* **What to do**: Copy the data that follows exactly as it is, excluding all pictures.
Dataset section start
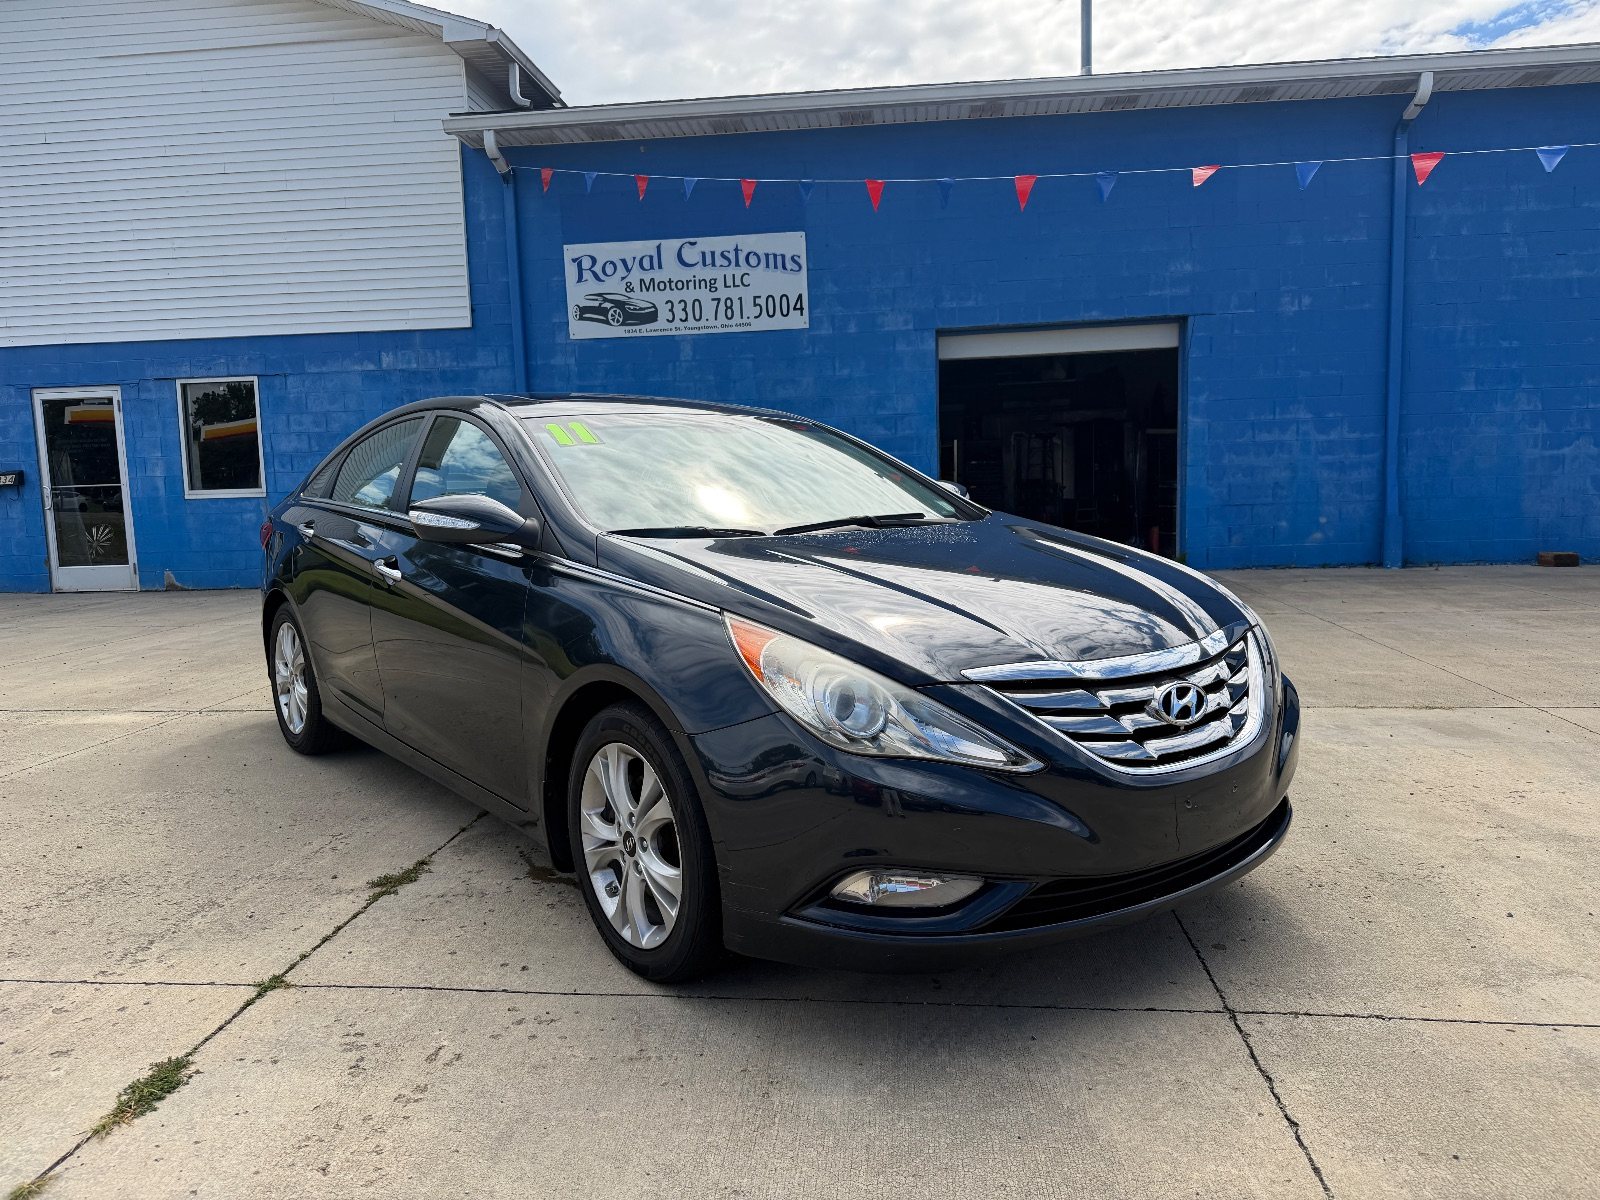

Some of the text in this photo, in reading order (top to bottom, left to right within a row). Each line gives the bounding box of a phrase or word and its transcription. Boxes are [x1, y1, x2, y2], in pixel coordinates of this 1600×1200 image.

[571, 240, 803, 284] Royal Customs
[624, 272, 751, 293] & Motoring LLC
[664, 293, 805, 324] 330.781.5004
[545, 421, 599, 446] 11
Dataset section end
* **Result for this task**:
Some of the text in this photo, in reading order (top to bottom, left to right within a row). Each line gives the bounding box of a phrase or word and its transcription. Boxes are [x1, y1, x2, y2], in pixel coordinates of this 1600×1200 image.

[571, 240, 803, 284] Royal Customs
[624, 272, 751, 293] & Motoring LLC
[664, 293, 805, 324] 330.781.5004
[545, 421, 599, 446] 11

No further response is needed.